YOUR ASSIGNMENT: With the pictures left out, restate every entry word for word.

SOURCE MATERIAL:
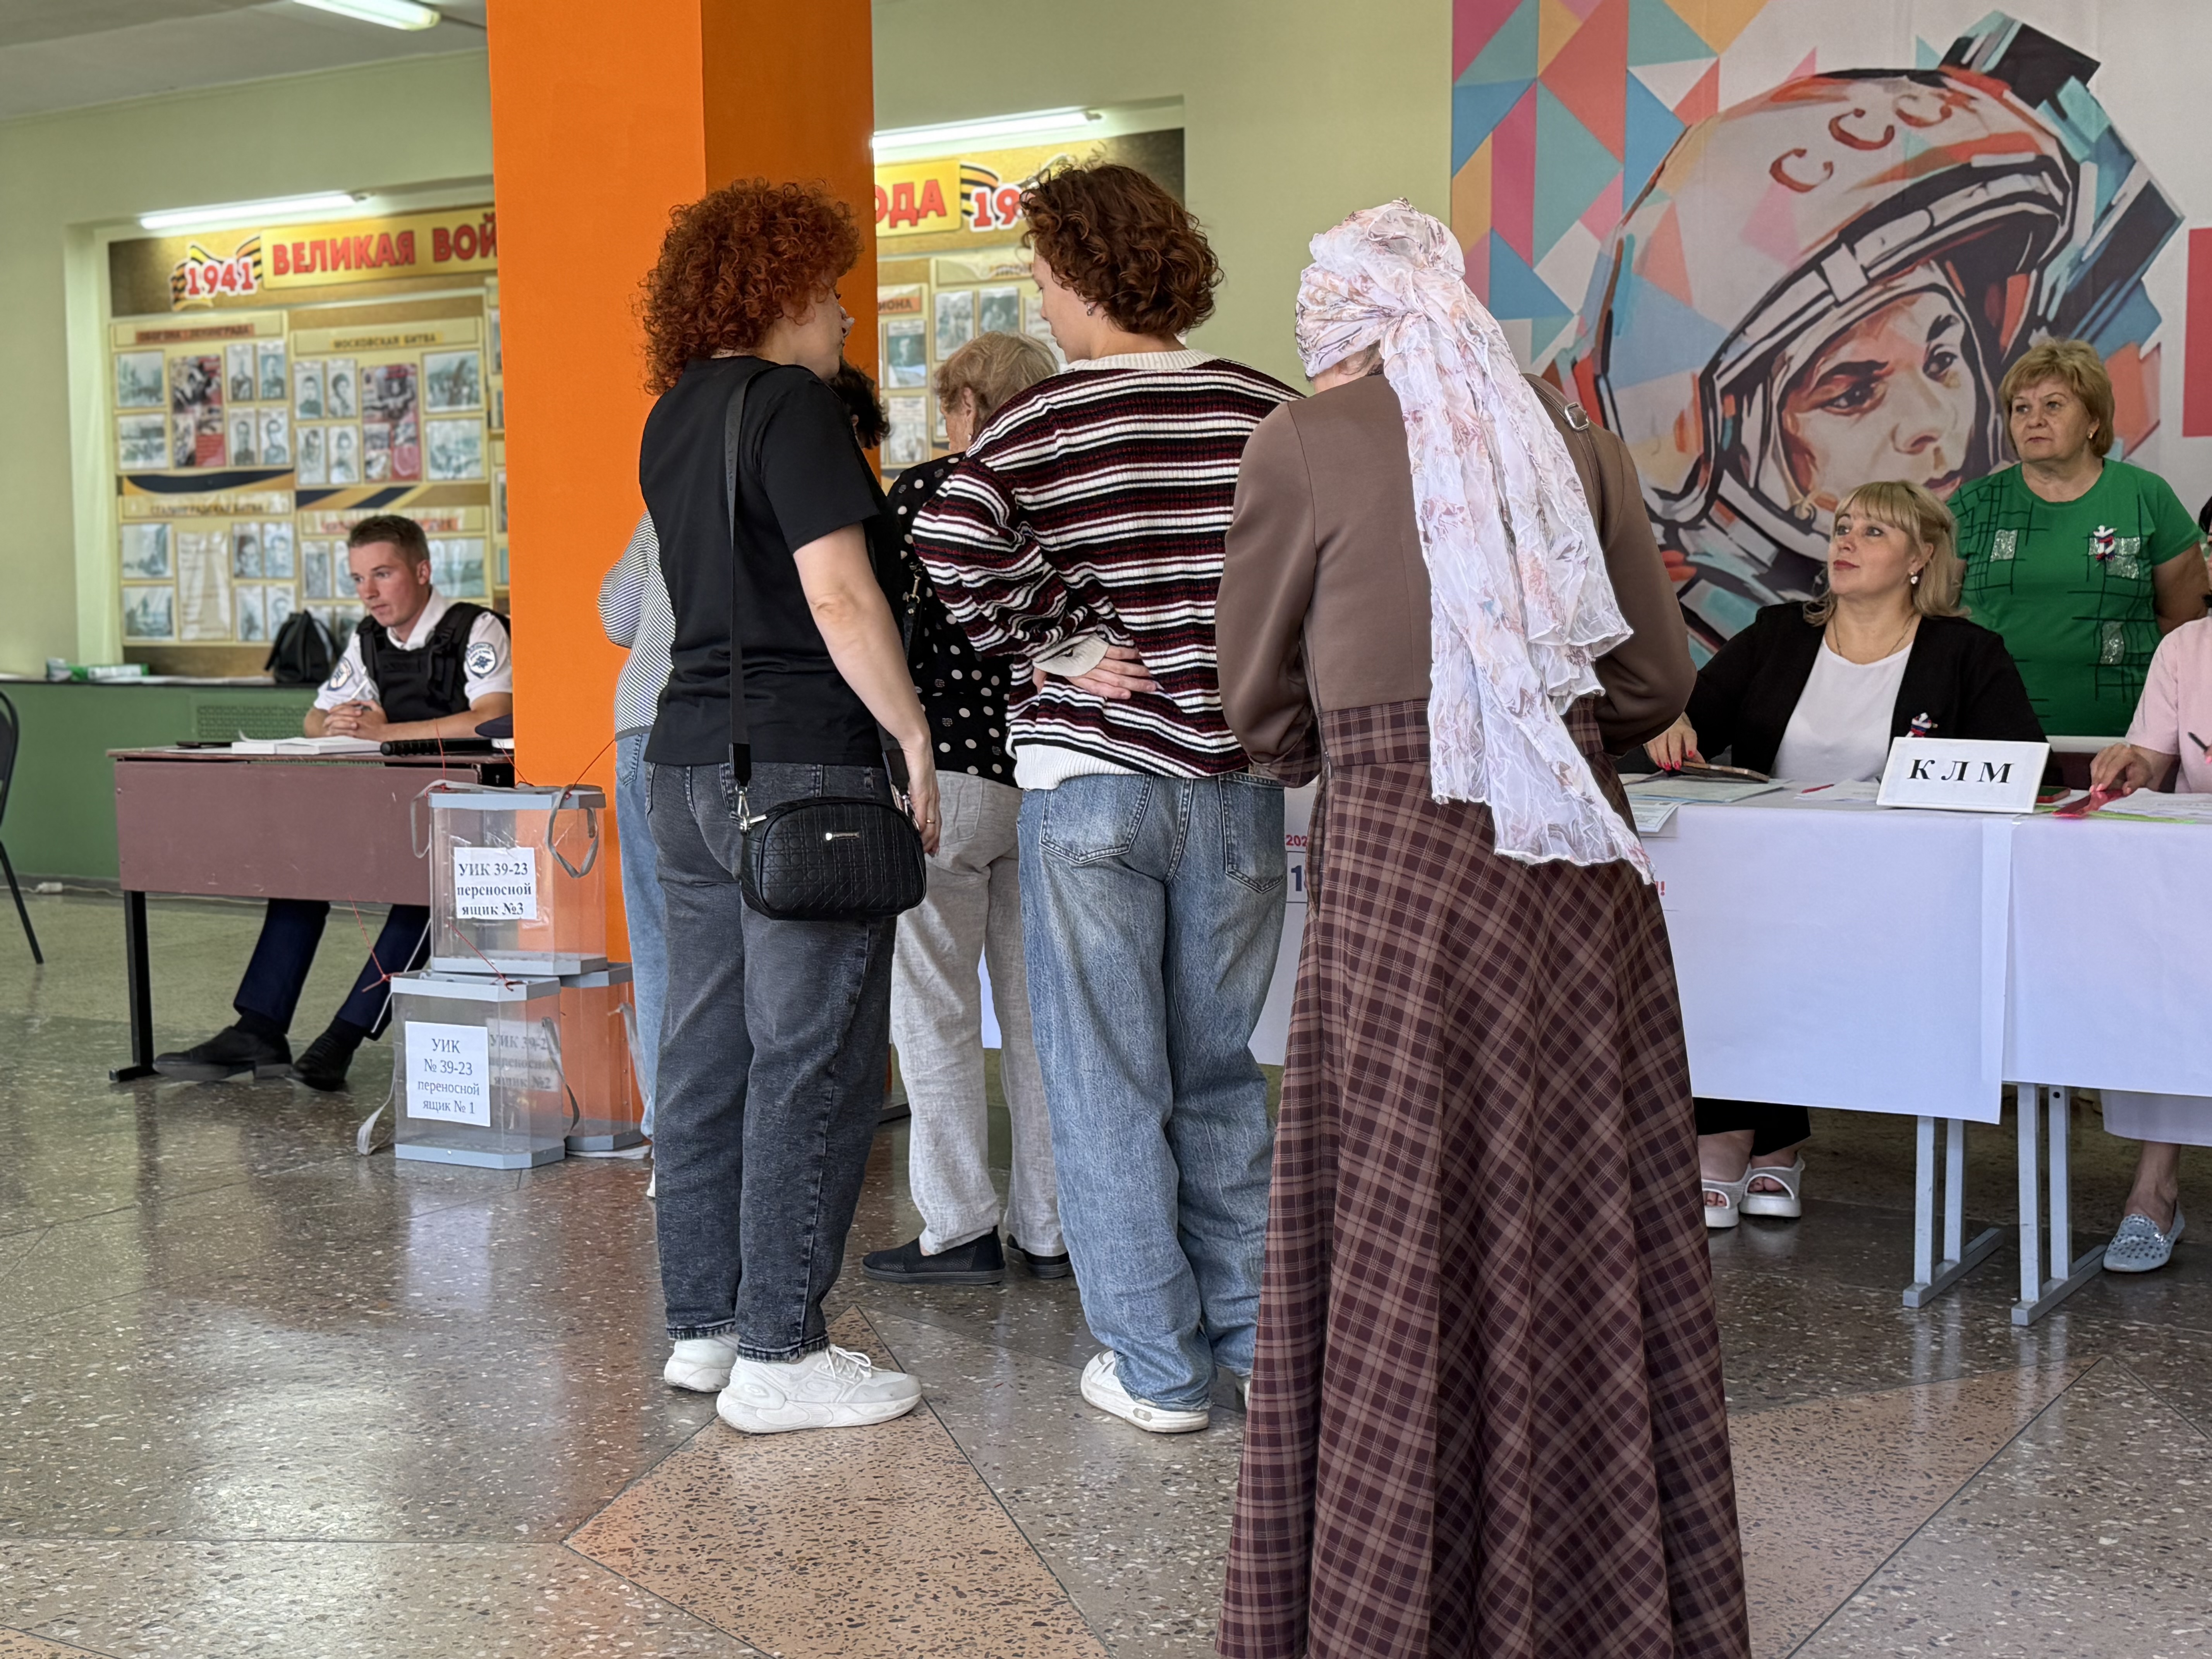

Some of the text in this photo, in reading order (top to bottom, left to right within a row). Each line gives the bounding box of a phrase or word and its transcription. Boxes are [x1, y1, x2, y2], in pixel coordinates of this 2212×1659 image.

[187, 262, 254, 295] 1941
[272, 230, 416, 276] ВЕЛИКАЯ
[404, 332, 436, 344] БИТВА
[459, 862, 528, 876] УИК 39-23
[1291, 865, 1305, 891] 1
[457, 883, 532, 899] переносной
[462, 902, 524, 916] ящик №3
[432, 1038, 461, 1054] УИК
[521, 1036, 547, 1051] 39-2
[424, 1058, 473, 1076] № 39-23
[418, 1081, 480, 1096] переносной
[422, 1100, 475, 1114] ящик № 1
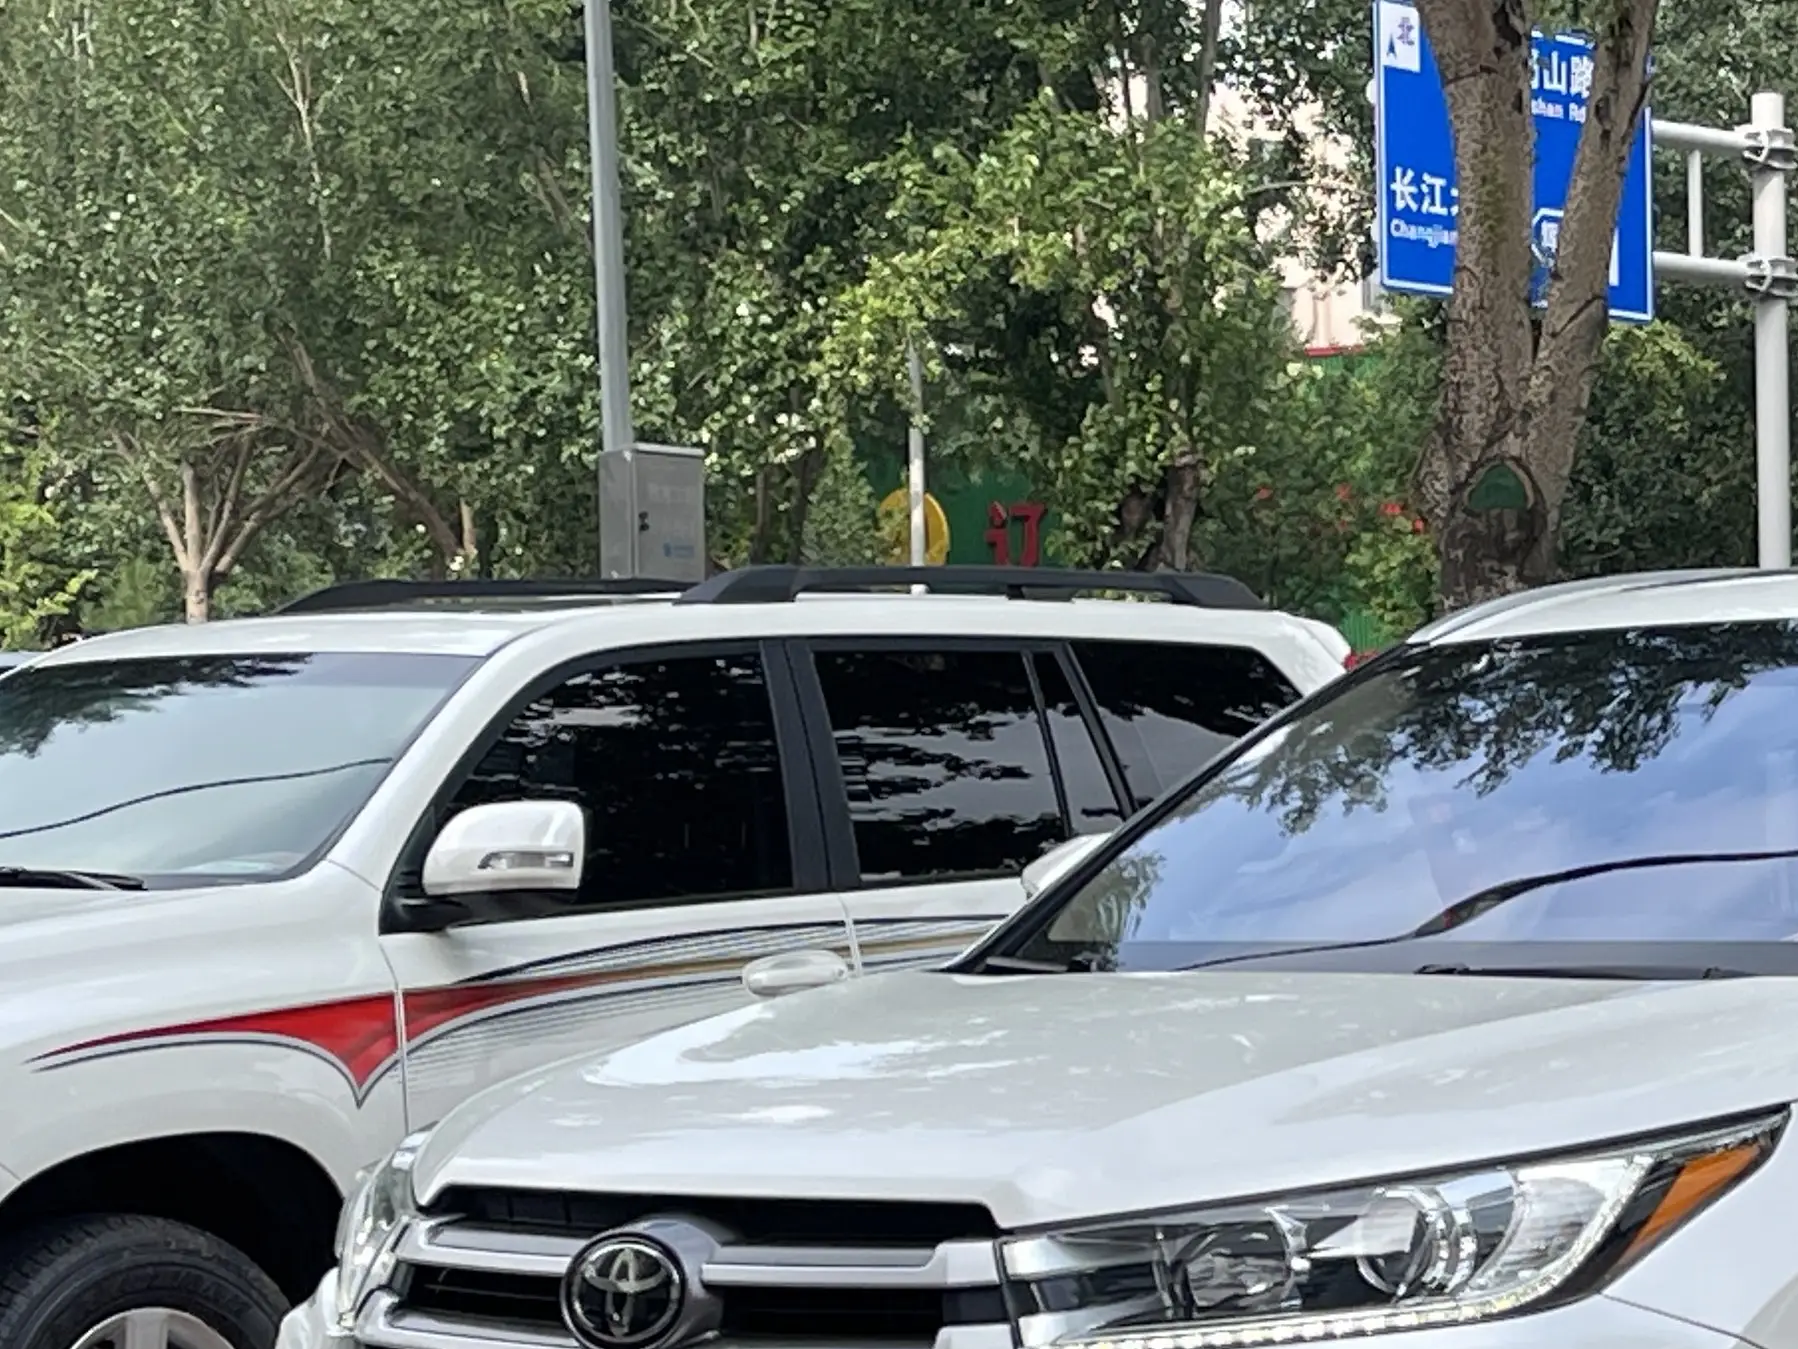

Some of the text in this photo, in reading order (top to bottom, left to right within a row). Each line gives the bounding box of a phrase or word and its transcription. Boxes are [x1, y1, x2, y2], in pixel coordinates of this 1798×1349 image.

[1397, 16, 1415, 46] 北
[1531, 97, 1564, 118] shan
[1389, 165, 1459, 217] 长江
[1389, 217, 1459, 249] Changjian

YOUR SOLUTION:
Some of the text in this photo, in reading order (top to bottom, left to right within a row). Each line gives the bounding box of a phrase or word and its transcription. Boxes are [x1, y1, x2, y2], in pixel coordinates of this 2212×1659 image.

[187, 262, 254, 295] 1941
[272, 230, 416, 276] ВЕЛИКАЯ
[404, 332, 436, 344] БИТВА
[459, 862, 528, 876] УИК 39-23
[1291, 865, 1305, 891] 1
[457, 883, 532, 899] переносной
[462, 902, 524, 916] ящик №3
[432, 1038, 461, 1054] УИК
[521, 1036, 547, 1051] 39-2
[424, 1058, 473, 1076] № 39-23
[418, 1081, 480, 1096] переносной
[422, 1100, 475, 1114] ящик № 1

Some of the text in this photo, in reading order (top to bottom, left to right within a row). Each line gives the bounding box of a phrase or word and its transcription. Boxes are [x1, y1, x2, y2], in pixel coordinates of this 1798×1349 image.

[1397, 16, 1415, 46] 北
[1531, 97, 1564, 118] shan
[1389, 165, 1459, 217] 长江
[1389, 217, 1459, 249] Changjian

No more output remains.